Using an UPLC/MS-based untargeted metabolomics approach for assessing the antioxidant capacity and anti-aging potential of selected herbs.

Aging is an unavoidable fate that afflicts all life, during this process in mammals reactive oxygen species (ROS) are generated which stimulate tyrosinase, elastase and collagenase activities that actively participate in skin aging. Therefore, the maintenance of antioxidant homeostasis is an important anti-aging strategy for skin. Nature has excellent anti-aging remedies that act externally as well as internally to delay the visual signs of aging. In view of this fact, the present study investigates the in vitro anti-aging activity of five medicinal plants belonging to phenolic rich families namely Rosmarinus officinalis, Lavandula officinalis, Matricaria chamomilla, Camellia sinensis and Pelargonium graveolens. The selected plants are those most frequently used in the preparation of ethnomedicinal recipes for the prevention or treatment of aging.
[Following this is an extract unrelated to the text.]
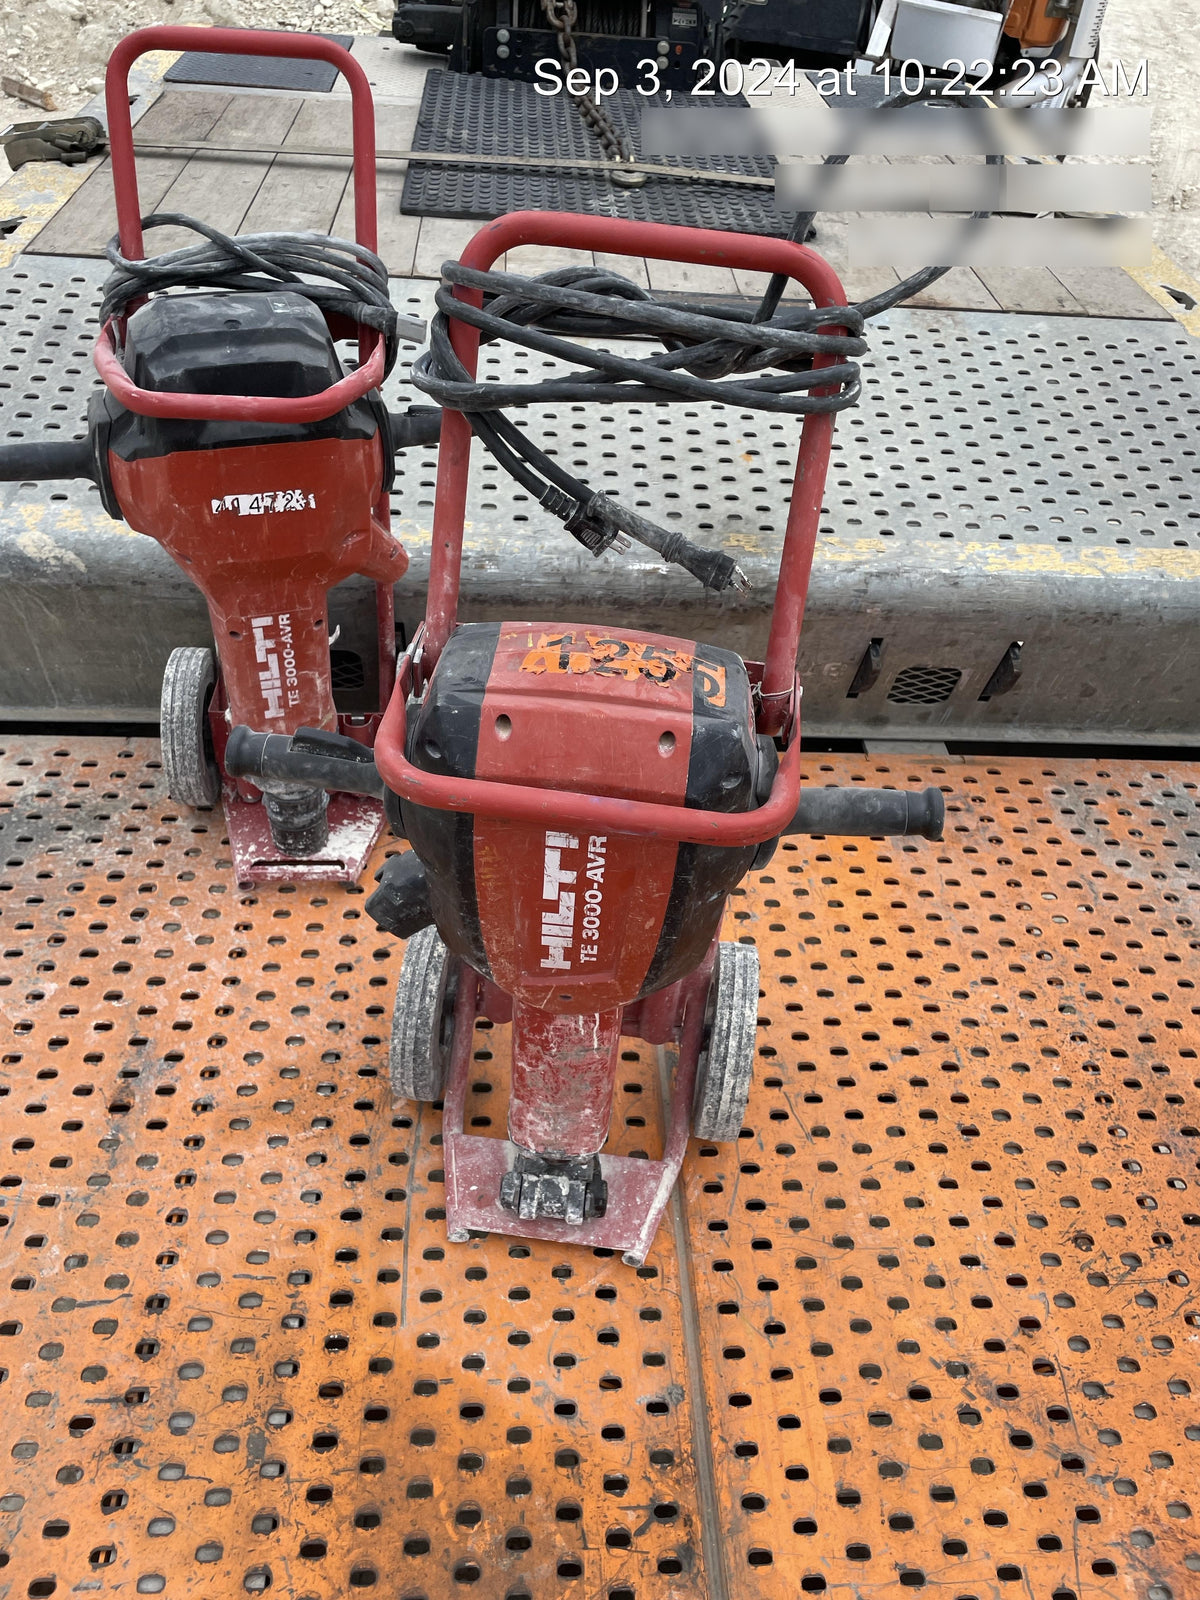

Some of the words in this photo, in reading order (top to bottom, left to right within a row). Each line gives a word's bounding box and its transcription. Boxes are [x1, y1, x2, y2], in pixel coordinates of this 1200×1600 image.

The inhibitory effects of the ethanolic and aqueous extracts of the five selected plants on the activity of tyrosinase, elastase, and collagenase enzymes were investigated. Furthermore, the chemical composition of the plants and the antioxidant capacity of their extracts were assessed. The results showed that R. officinalis had the highest total phenolics content which was correlated with its potent antioxidant and anti-aging activities. To pinpoint the active metabolites in the tested extracts, we evaluated the metabolite variations using ultra-performance liquid chromatography coupled with high resolution electrospray ionization-tandem mass spectrometry (UPLC-HR-ESI-MS/MS). Multivariate data analysis (MVDA) revealed that R. officinalis significantly accumulated metabolites from the aromatic diterpenoid, flavonoid and phenolic acid classes. These results indicate that rosemary can be used for further development of topical preparations with anti-aging properties.